Group of women and small children laughing

International Women’s Day Q&A with Katarina Kahlmann

In honor of International Women’s Day, we sat down with Katarina Kahlmann, TechnoServe’s new chief program officer, to talk about her background, her experience in a male-dominated industry, and her hopes for gender equality in the next 25 years.

Katarina Kahlmann has been a force for positive change at TechnoServe for nearly 10 years. Starting her career in Haiti shortly after the devastating earthquake there, Katarina has managed corporate partnerships within TechnoServe’s strategic initiatives division and served as its West Africa regional director. In her current position as chief program officer, Katarina ensures that TechnoServe’s global portfolio of over 100 projects deliver the highest quality and impact. Throughout Katarina’s career, the issue of women’s economic empowerment has played a key role in her work.

Can you share a bit about your background in development and your previous roles with TechnoServe?

I’m extremely excited to be back with TechnoServe. Before joining the organization as a Fellow in 2010, I searched for a profession that was meaningful enough to meet the high bar I set for myself. I was having a hard time finding something that I felt was worth dedicating my entire professional life to. I have always felt like I found that meaning here.

Katarina Kahlmann is TechnoServe’s new chief program officer

I first joined TechnoServe in Haiti right after the 2010 earthquake. I became the country director there, and after three transformative years, I moved to New York to help set up TechnoServe’s strategic initiatives team. It was fantastic to work with global companies and help them develop sustainable business models. I eventually moved to Côte d’Ivoire to lead TechnoServe’s West Africa regional team. After another three years, I moved back to my home country of Sweden because I had a baby and wanted to be closer to my family. In Sweden, I advised European companies and governments on how to mitigate climate change.

We need to make sure that we leverage women’s work and recognize women leaders.”

What are you most excited about in this new role as chief program officer?

I’m most excited about the potential to work with a talented group of people to continually improve the quality of our programs. It is such a luxury to have a real impact. Often people who work in sustainability and development are far removed — they see themselves as changemakers, but it is hard for them to translate that into tangible results. At TechnoServe, our impact is very concrete and we get to see it daily.

What is your view of women’s economic empowerment in Haiti, West Africa, and other places you’ve worked?

Every country is unique, so it is always important to take into account the local context. However, there are some themes I have noticed across many countries. The first is that women bear a heavier burden and are required to do many different kinds of work. For example, in Côte d’Ivoire, we’ve worked with women cocoa farmers who work from 6 a.m. until 10 p.m. They have to take care of the kids, then go work in the field, then do work for their husband, then go back to the field.

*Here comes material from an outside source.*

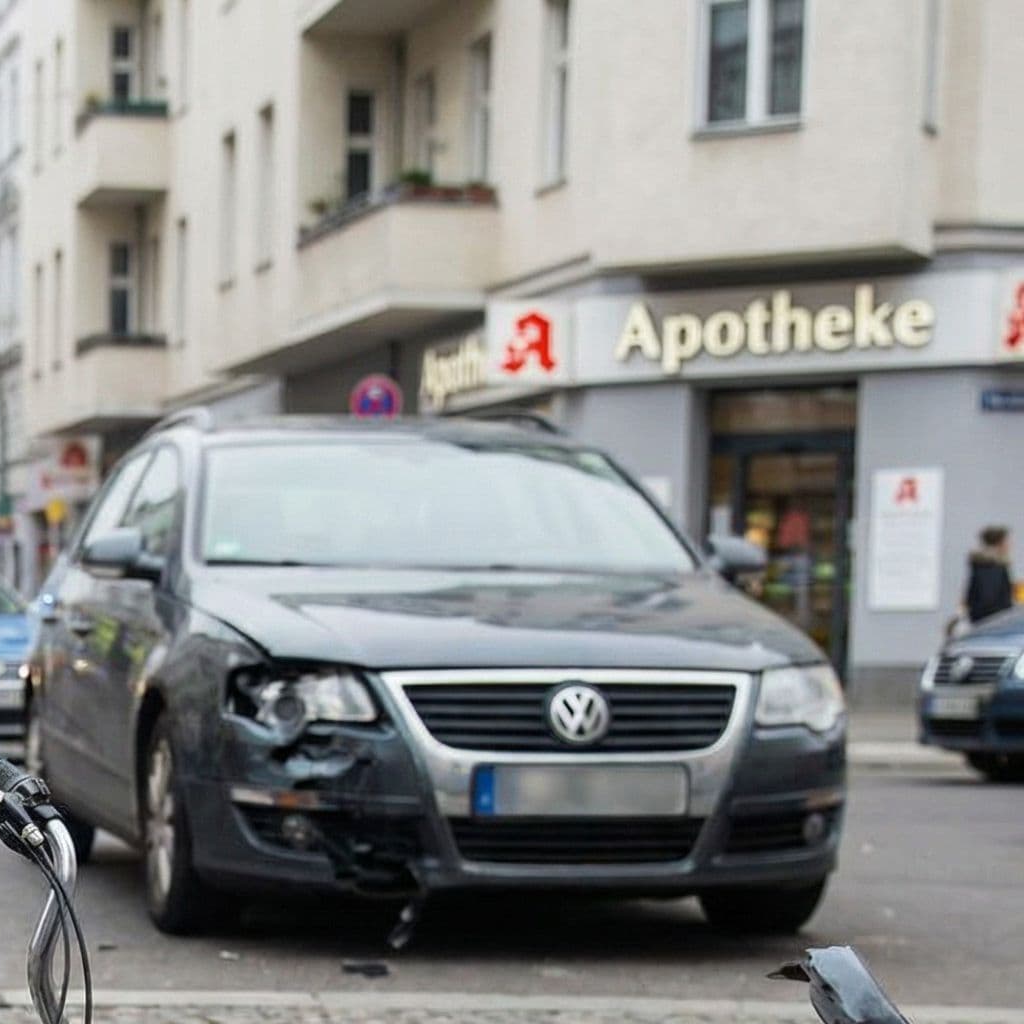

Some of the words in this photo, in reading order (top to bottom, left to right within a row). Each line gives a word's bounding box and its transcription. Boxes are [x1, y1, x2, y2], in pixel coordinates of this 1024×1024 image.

[503, 313, 555, 371] A
[614, 286, 934, 373] Apotheke
[550, 686, 608, 742] VW

Parallel to that, women in many places have less control over economic resources. For example, cocoa cooperatives tend to be very male-dominated. So when I sit in a room full of men and ask where the women are, they often say “women aren’t cocoa farmers.” Or they say “there are no women cocoa farmers, only wives of cocoa farmers.” I have heard the same comments from one of the largest cocoa trading companies in the world. We know that women do work in cocoa, they’re just often not the ones controlling the money.

You also spent some time in management consulting, at McKinsey & Co. What was your experience like as a woman in a male-dominated field?

I started in management consulting when I was 22 or 23. I was pretty gender-blind at the time, coming from a society that was supposed to be one of the most equal in the world (Sweden). I remember being at a firm where they talked about having 20% women employees as a good thing. The comments and treatment I would get from male clients were not always acceptable. With time, I learned and began to recognize the power dynamics that were at play.

I encourage young women to treasure energy and effort. Don’t be afraid of holding the pen or doing the work, because that is what will truly change the world and create value.”

The world has changed a lot in the last 15 years. Today, there is at least more of a conversation about gender issues. That being said, I can still see male-dominated power structures across the globe. We need to make sure that we leverage women’s work and recognize women leaders. I am tired of seeing women doers and male talkers.

In the next 25 years, a lot needs to happen. We cannot afford to have these large gender gaps anymore. As marginalized populations gain access to education, income, and technology, I hope that will come with greater gender equality. Ultimately, I want to see men and women having equal opportunities, and I think that is possible.

What is one piece of advice you would give to future generations of young women?

Think about yourself 10 years from now and plan your career with that horizon in mind. This doesn’t mean you have to know exactly what job you want by then, but when you engage with people, think about whom you like working with. Get to know people who are senior to you and foster relationships with individuals who can mentor you.

I also encourage young women to treasure energy and effort. Don’t be afraid of holding the pen or doing the work, because that is what will truly change the world and create value. Action and results will be increasingly recognized as the power dynamics around gender continue to change. Don’t lean back and refrain from stepping in just because you don’t feel invited. Do it anyway!